Ask Jeeves had the right idea – just too early

The second major factor which affects the adoption of voice search for search engine queries is the ability of search engines to understand what we are searching for or so-called natural language understanding (NLU). Note that this is a separate issue from speech recognition, which is concerned only with the ability to properly convert our spoken speech to text.

Natural language understanding has a long history, with first attempts done at MIT in 1960s.

In context of modern use in search engines an interesting attempt was that of a now mostly forgotten search engine Ask Jeeves, launched in 1997. Original idea of Ask Jeeves was to allow users to get answers to questions posed in everyday, natural language, as well as by traditional keyword searching. The idea was right and validated in recent years with search engines increasingly using the same approach for an increasing number of queries.

However the lack of excellent NLU models, computational complexity, and corresponding infrastructure was probably too high for the era of 90s and could be one of the reasons why Ask Jeeves did not succeed in the search engine space.

Until 2011 most search engines algorithms revolved around keywords with NLU not playing a prominent part.

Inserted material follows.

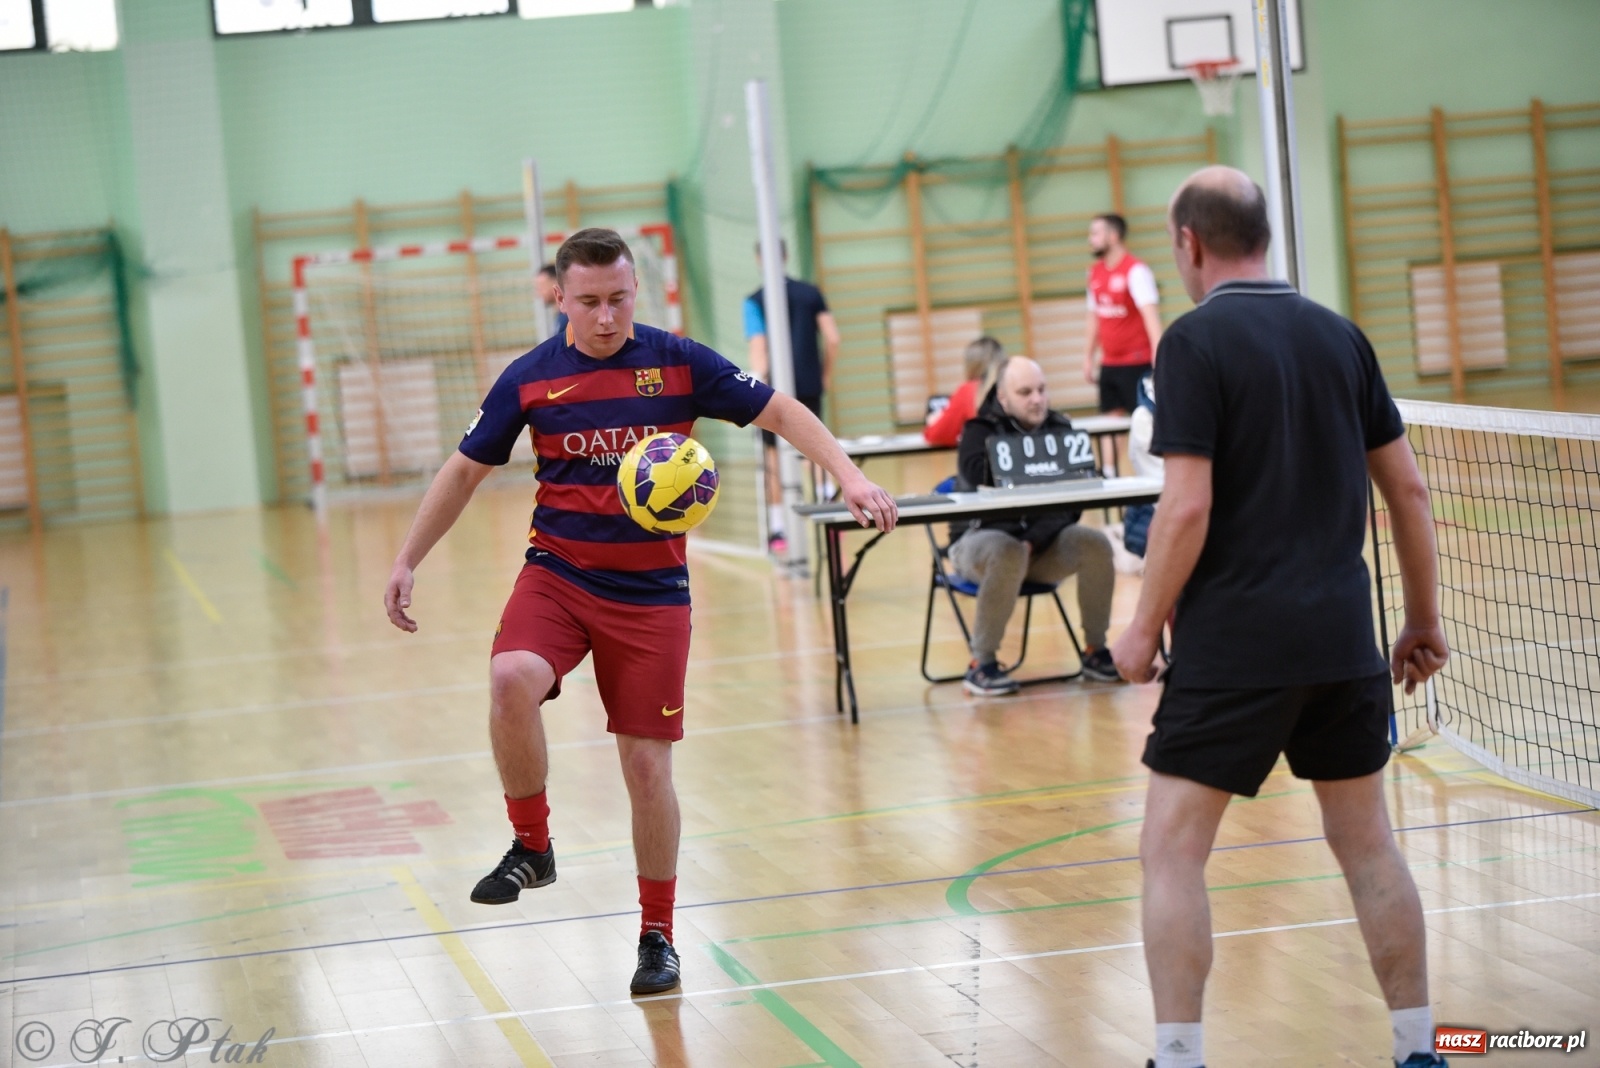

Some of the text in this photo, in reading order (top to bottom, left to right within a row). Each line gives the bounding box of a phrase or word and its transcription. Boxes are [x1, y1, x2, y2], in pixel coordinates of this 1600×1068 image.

[996, 431, 1095, 471] 8 0 0 22

This changed when Microsoft introduced new natural language capabilities to Bing Shopping product in March 2011. With updated Bing you could enter conversational phrases like “Air Jordans under $100” or “Hudson jeans under $200” and get improved search results from Bing.

Hummingbird Update

The ability of search engines to understand our questions has significantly improved in recent years with natural language understanding becoming a central part of search engines algorithms. One of the most important changes in google search engine algorithm was the so-called Hummingbird Update. One of the its main changes was increased focus on semantic search, i.e. natural language queries, considering context and meaning over individual keywords.

However they are still far from perfect and many users, after repeated failed attempts to get assistant understand their questions and intent, give up on using the voice search.

Advances in this area will be key if the technology companies want to achieve a more wide spread adoption of voice search.

Limited nature of voice search format – challenge for search engines

Even with perfect conversion of our speech to text and correct understanding of our questions, voice search would still suffer from a limitation which is more inherent and part of the use format.

By definition voice search responds with spoken text which limits the response. When searching for specific facts, e.g. what is the birth date of particular person, this is not of limiting nature. However when our taks is of exploratory nature, e.g. looking for the best translation agency to hire, voice search can make it cumbersome to achieve our goal.

Improving the delivery of voice search results will be one of the main challenges of the search engines for certain categories of search queries in years ahead.